> **REQUIRED WORK**:
In the copy, include no images, and repeat each entry precisely as written.

::: SOURCE INFORMATION :::

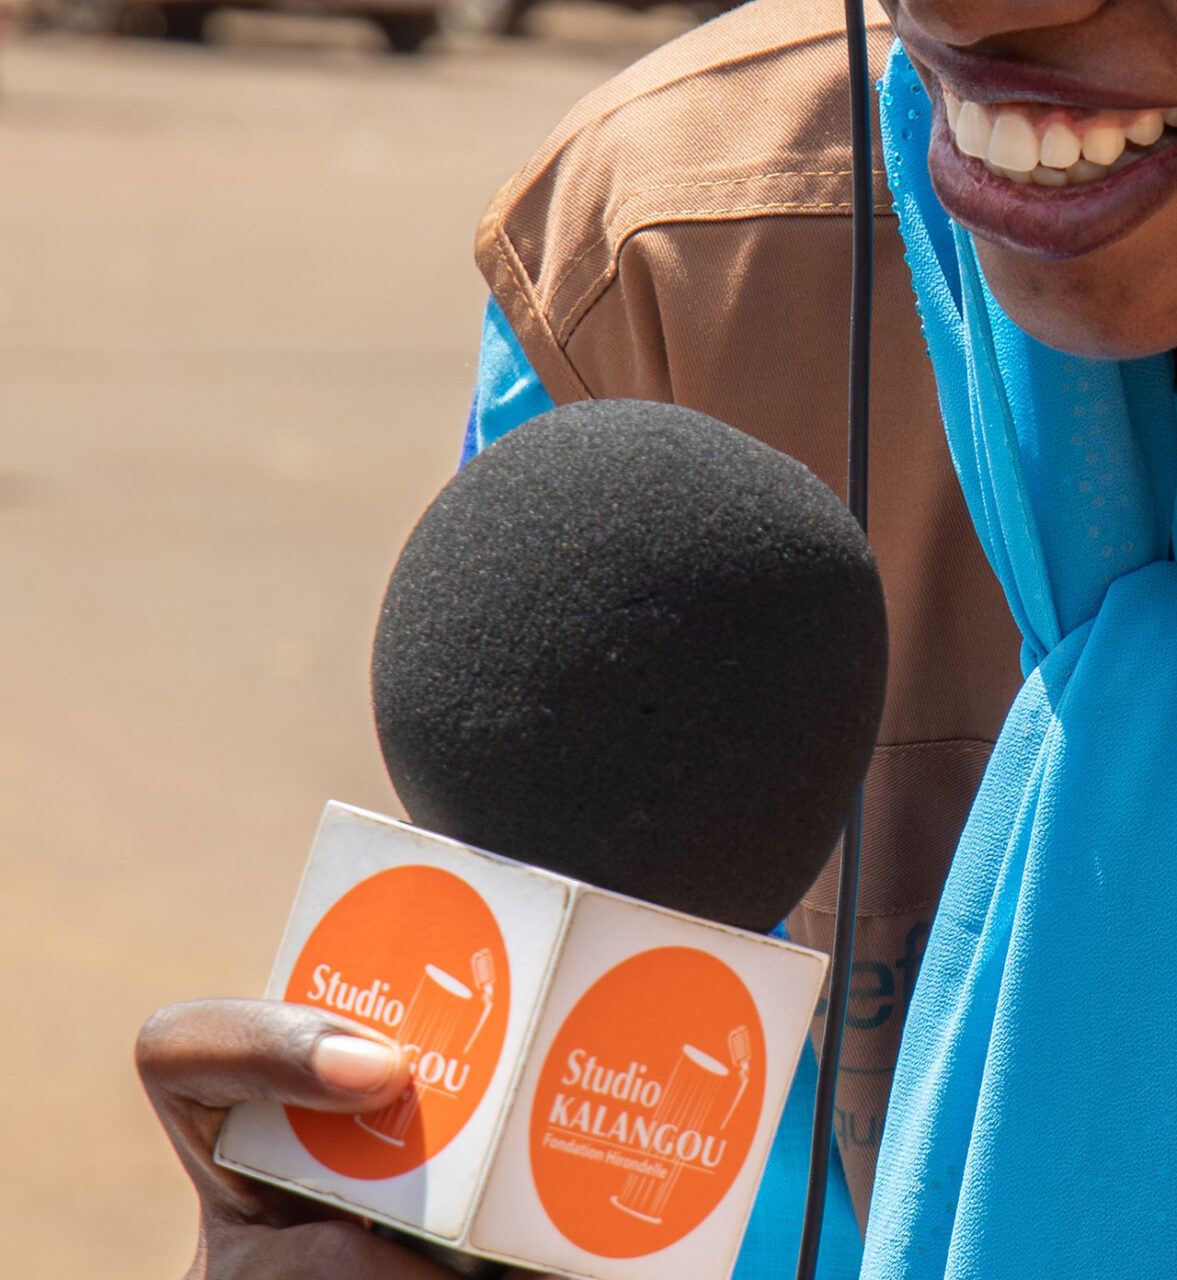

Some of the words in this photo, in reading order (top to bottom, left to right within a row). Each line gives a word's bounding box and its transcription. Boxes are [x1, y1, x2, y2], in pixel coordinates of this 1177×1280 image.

[306, 964, 405, 1027] Studio
[561, 1048, 662, 1108] Studio
[542, 1132, 606, 1164] Fondation
[606, 1149, 669, 1180] Hirondelle
[548, 1093, 727, 1167] KALANGOU
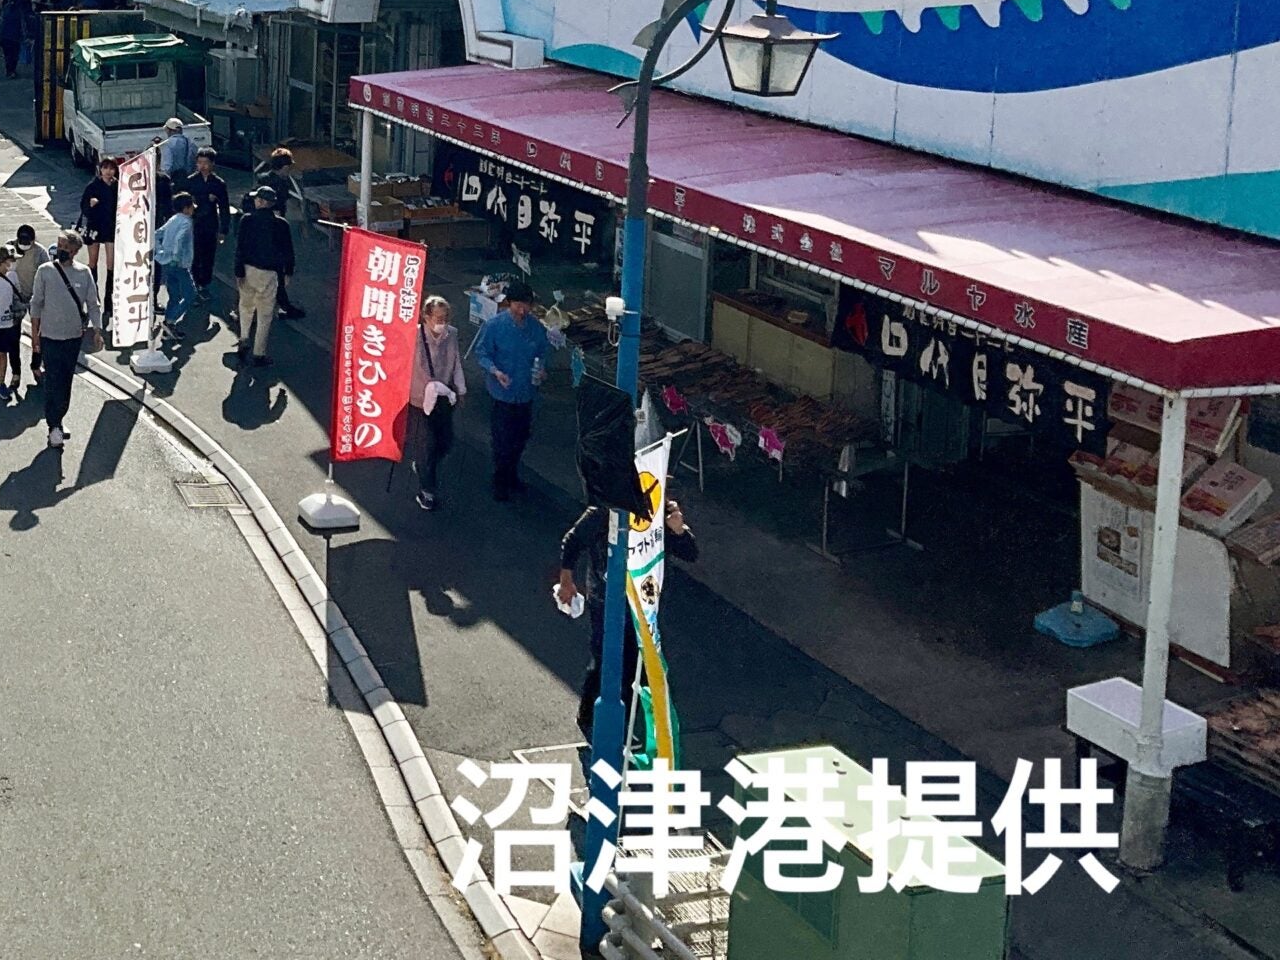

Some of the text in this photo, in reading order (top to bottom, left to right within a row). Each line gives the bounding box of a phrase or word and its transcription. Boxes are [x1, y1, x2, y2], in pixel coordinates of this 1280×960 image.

[461, 172, 596, 254] 四代目弥平
[355, 246, 402, 449] 朝開きひもの
[877, 256, 1090, 351] マルヤ水産
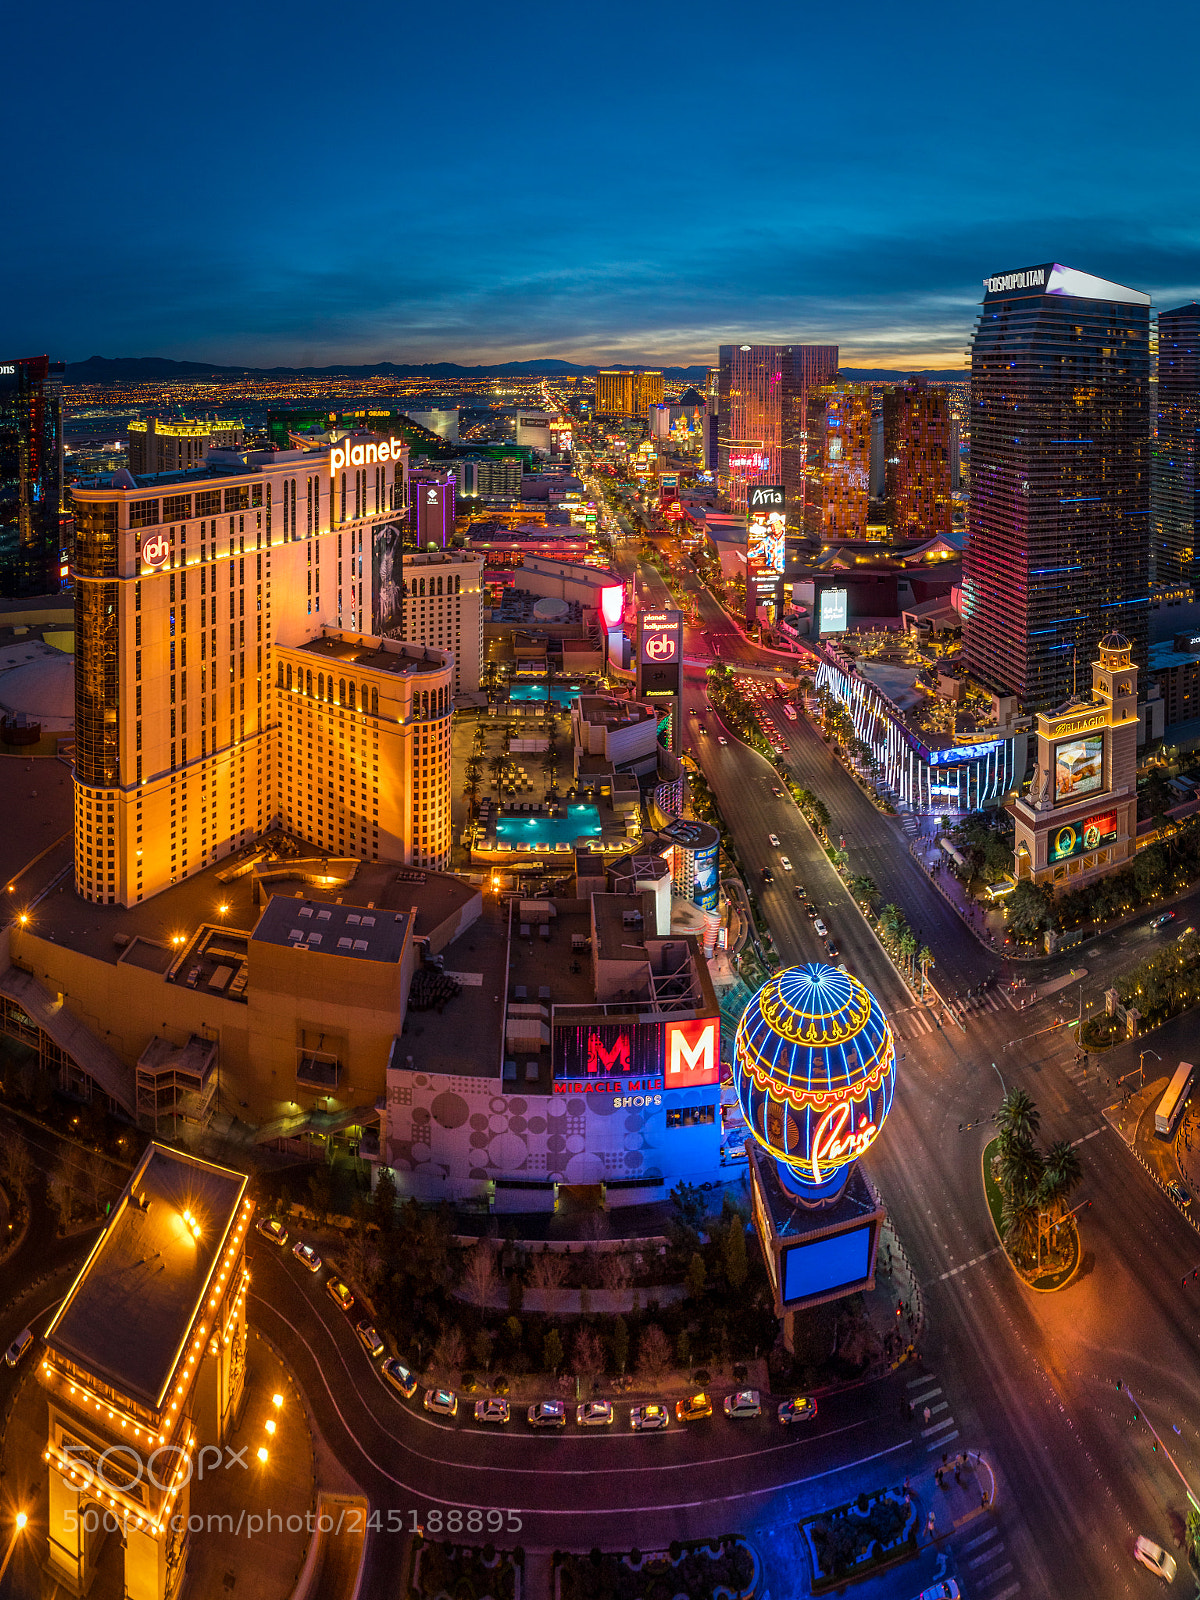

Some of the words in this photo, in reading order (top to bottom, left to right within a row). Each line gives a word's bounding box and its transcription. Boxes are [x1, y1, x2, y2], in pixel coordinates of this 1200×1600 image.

[988, 269, 1045, 293] COSMOPOLITAN
[549, 422, 572, 430] MGM
[330, 436, 402, 478] planet
[752, 488, 782, 505] Aria
[145, 535, 169, 564] ph
[643, 614, 667, 623] planet
[643, 622, 678, 631] hollywood
[648, 633, 675, 659] ph
[1052, 715, 1105, 736] BELLAGIO
[587, 1033, 631, 1073] M
[670, 1025, 715, 1073] M
[554, 1082, 622, 1094] MIRACLE
[628, 1079, 662, 1092] MILE
[613, 1095, 662, 1109] SHOPS
[812, 1102, 877, 1184] Paris

:::

> **THE ANSWER**:
Some of the words in this photo, in reading order (top to bottom, left to right within a row). Each line gives a word's bounding box and its transcription. Boxes are [x1, y1, x2, y2], in pixel coordinates of this 1177×1280 image.

[306, 964, 405, 1027] Studio
[561, 1048, 662, 1108] Studio
[542, 1132, 606, 1164] Fondation
[606, 1149, 669, 1180] Hirondelle
[548, 1093, 727, 1167] KALANGOU

Some of the text in this photo, in reading order (top to bottom, left to right within a row). Each line gives the bounding box of a phrase or word and its transcription. Boxes are [x1, y1, x2, y2], in pixel coordinates of this 1280×960 image.

[461, 172, 596, 254] 四代目弥平
[355, 246, 402, 449] 朝開きひもの
[877, 256, 1090, 351] マルヤ水産

Some of the words in this photo, in reading order (top to bottom, left to right within a row). Each line gives a word's bounding box and its transcription. Boxes are [x1, y1, x2, y2], in pixel coordinates of this 1200×1600 image.

[988, 269, 1045, 293] COSMOPOLITAN
[549, 422, 572, 430] MGM
[330, 436, 402, 478] planet
[752, 488, 782, 505] Aria
[145, 535, 169, 564] ph
[643, 614, 667, 623] planet
[643, 622, 678, 631] hollywood
[648, 633, 675, 659] ph
[1052, 715, 1105, 736] BELLAGIO
[587, 1033, 631, 1073] M
[670, 1025, 715, 1073] M
[554, 1082, 622, 1094] MIRACLE
[628, 1079, 662, 1092] MILE
[613, 1095, 662, 1109] SHOPS
[812, 1102, 877, 1184] Paris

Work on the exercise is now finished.